An efficient Nataf transformation based probabilistic power flow for high-dimensional correlated uncertainty sources in operation

Abstract

This paper proposes and introduces a novel approach for probabilistic power flow (PPF) analysis on large-scale power systems with such Pearson correlated high-dimensional uncertainty sources existing in normal operation. The proposed method is holistic since it covers the whole procedure of PPF analysis and improves its efficiency from each aspect. As one key step, the combination of Gauss-Hermite quadrature and simplified Newton-Raphson method based Nataf transformation is presented to accelerate the process of probabilistic modeling for wind speed, solar radiation, tidal current speed and load consumption, in particular the correlation relationship amongst these uncertainty sources.

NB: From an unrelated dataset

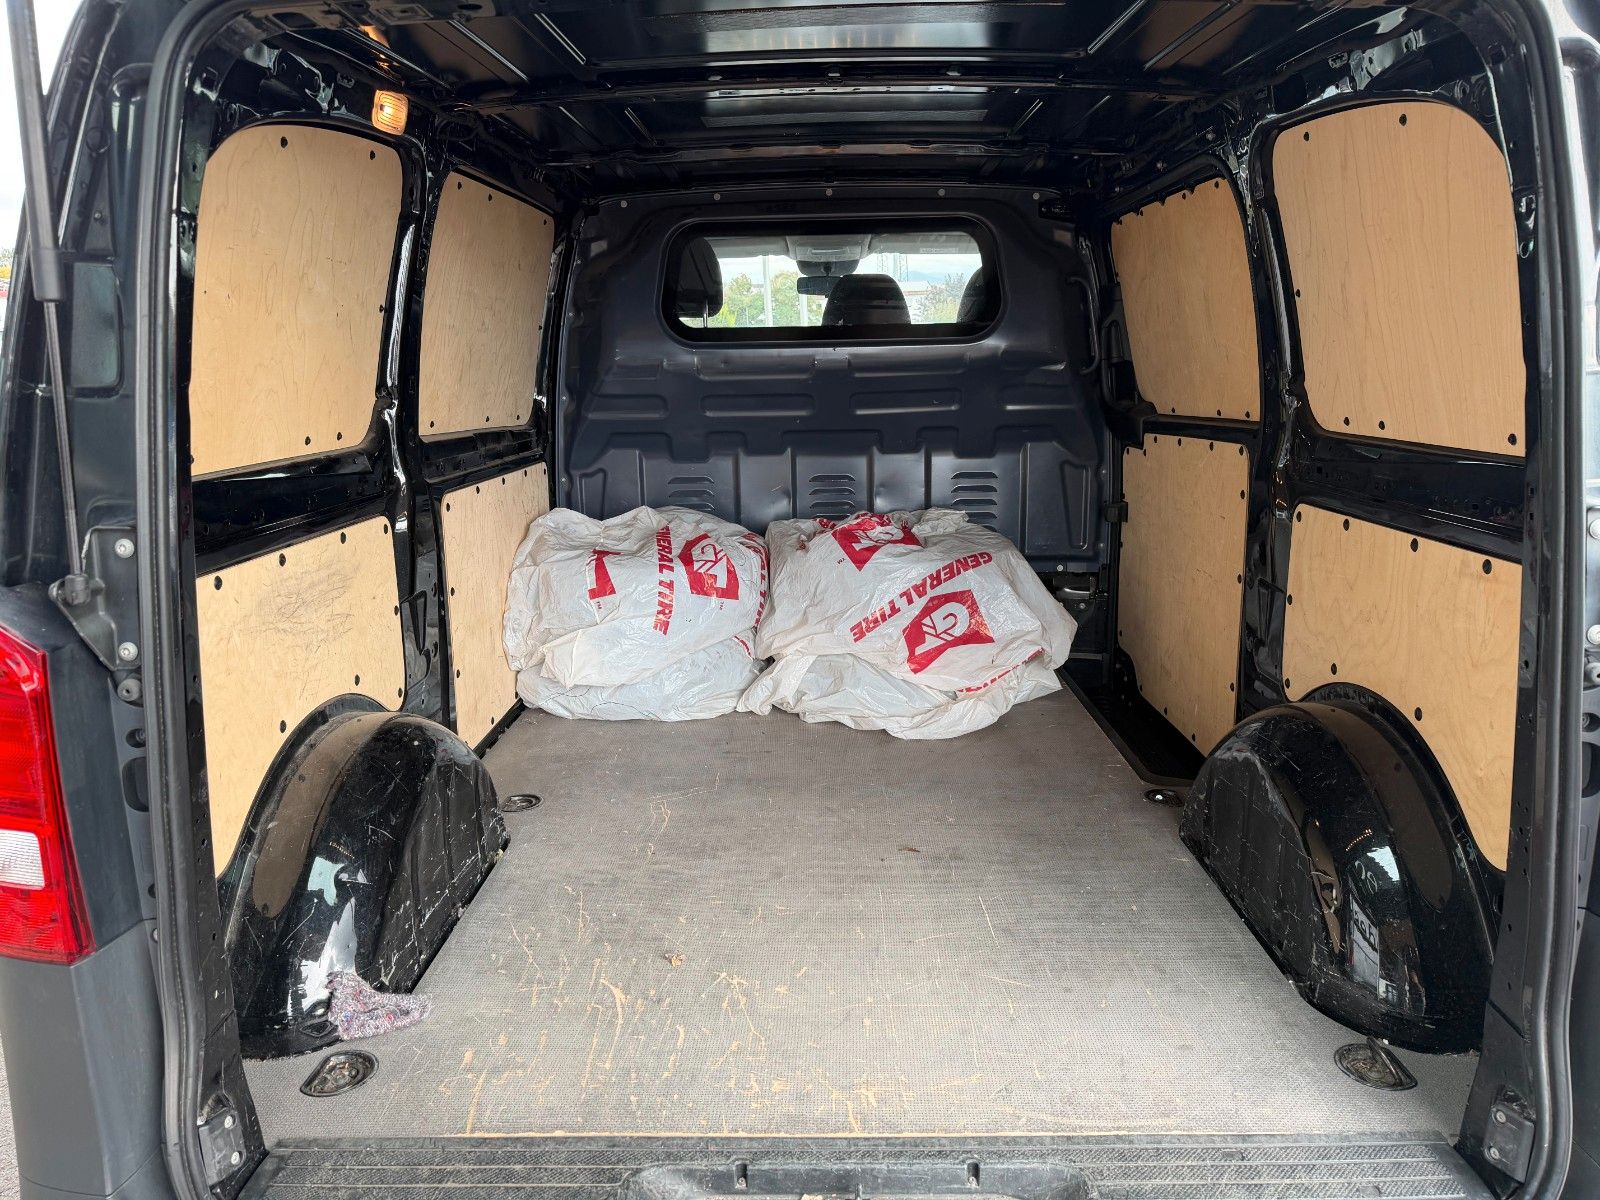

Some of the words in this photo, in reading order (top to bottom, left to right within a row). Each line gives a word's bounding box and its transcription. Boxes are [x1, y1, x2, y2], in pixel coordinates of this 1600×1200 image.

Besides, dimension adaptive sparse grid interpolation (DASGI) method and Monte Carlo simulation (MCS) method have been put to joint application to further boost the efficiency of PPF calculation, with the Pearson correlation issue handled in this procedure as the first time. In order to highlight the superiority of the proposed method, several existing advanced PPF analysis methods are used for comparison test, in which simple random samples based MCS method i.e. the crude MCS is assigned as the reference. The performance of the proposed approach is verified in IEEE 118-bus system involving with 114 random variables.